Con il passare del tempo la donna cominciò a temere seriamente di essere processata. Divenne estremamente ansiosa, scrisse una lettera di richiesta di grazia e supplicò di poter vedere il suo avvocato e Vadim. Questi, nel frattempo, le spedì delle lettere in cui le chiedeva di andarlo a trovare in ospedale, ma i suoi messaggi non le furono mai recapitati. Margaretha fu rinviata a giudizio con otto capi di accusa. Le udienze iniziarono il 24 luglio del 1917. L’unica prova contro di lei erano i telegrammi di Ladoux e i messaggi radio, che oggi si ritengono manipolati. I sette uomini che componevano la giuria erano tutti militari. Uno di loro, nelle sue memorie, dava credito alle dicerie secondo cui Mata Hari aveva causato la morte «di circa 50mila dei nostri figli, senza contare quelli che erano a bordo delle imbarcazioni silurate nel Mediterraneo grazie alle informazioni da lei fornite».
La giuria era composta da militari che giudicavano "immorale" lo stile di vita di Mata Hari
Nessuna delle prove emerse durante il processo avrebbe confermato queste voci. Le accuse contro di lei erano vaghe e non c’era alcun riferimento a segreti specifici che sarebbero stati trasmessi al nemico. Furono invece presentate svariate prove del suo stile di vita “immorale”: uno dei poliziotti incaricati di pedinarla a Parigi raccontò delle sue spese folli e dei suoi vari amanti altolocati. In merito ai (falsi) messaggi intercettati, Ladoux dichiarò che indicavano che era un’agente al servizio della Germania. Eppure non contenevano alcuna prova che avesse trasmesso informazioni sensibili. La difesa di Clunet si dimostrò assolutamente inefficace. L’avvocato chiamò a testimoniare alcuni personaggi importanti, i quali dichiararono che Mata Hari era una donna affascinante con cui non avevano mai parlato di temi di argomento militare. L’unico a difenderla strenuamente fu Henri de Marguerie, segretario del ministro degli affari esteri francese e amante di Mata Hari dal 1905. «Non si è mai verificato nulla che possa compromettere la buona opinione che ho di questa donna», dichiarò. Accusò anche il procuratore di aver accettato la causa pur sapendo che si reggeva su menzogne. Di fatto, lo stesso procuratore avrebbe in seguito confessato che non c’erano abbastanza prove.
Dichiarata colpevole di tutti i capi di accusa, Mata Hari fu condannata a morte per fucilazione. I tentativi di commutare l’esecuzione in una pena detentiva furono respinti, così come le richieste di indulto al presidente. La sentenza fu eseguita il 15 ottobre del 1917, di prima mattina, in gran segreto.
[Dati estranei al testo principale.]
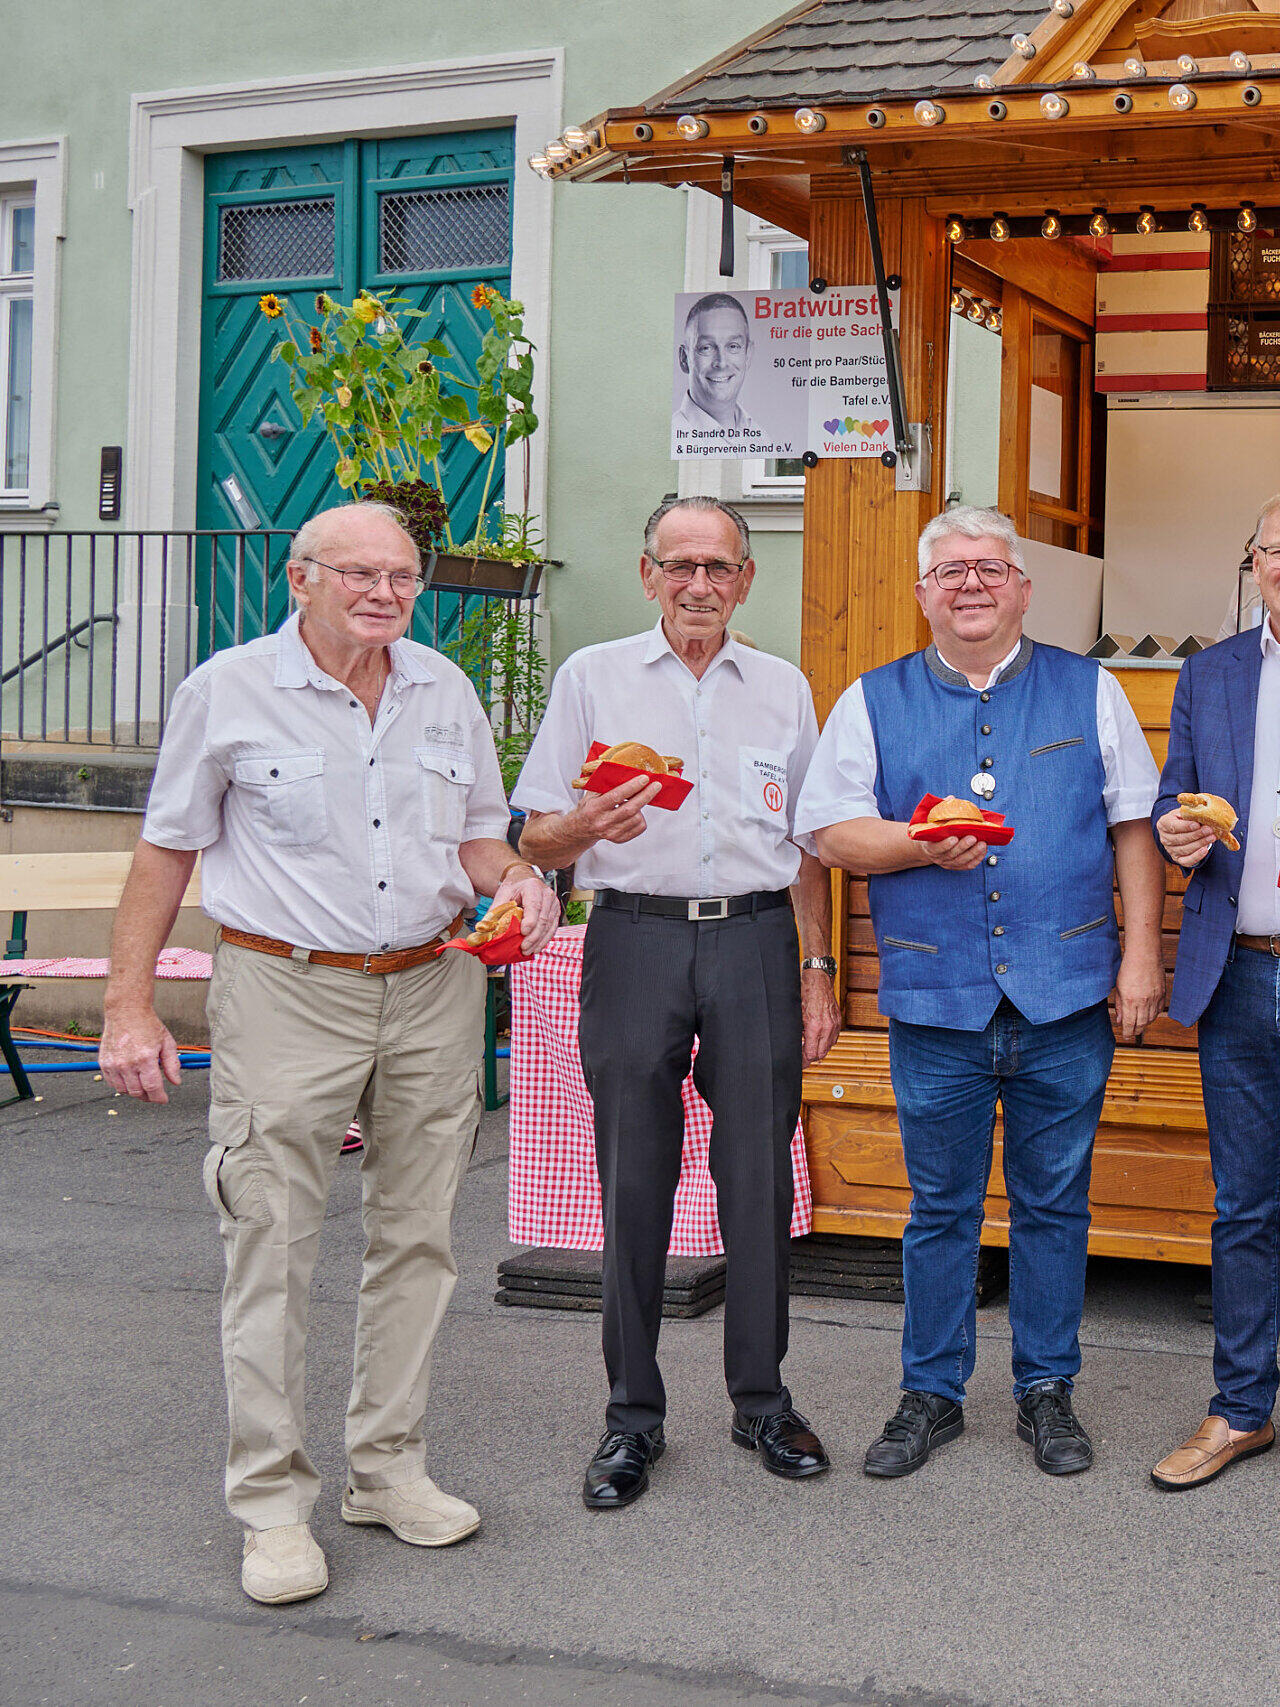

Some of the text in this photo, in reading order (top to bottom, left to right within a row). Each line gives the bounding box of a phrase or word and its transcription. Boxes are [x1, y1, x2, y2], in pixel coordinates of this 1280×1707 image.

Tra i presenti c’erano il suo avvocato, le suore che l’avevano accudita, il dottore della prigione e un plotone del Quarto reggimento di zuavi in divisa cachi con fez rosso. L’esibizione di Mata Hari fu perfetta, forse una delle migliori della sua vita. Rifiutò di essere legata al palo e restò in piedi a testa alta, con orgoglio. Il sergente maggiore al comando del plotone dichiarò: «Per Dio! Questa donna sa come morire».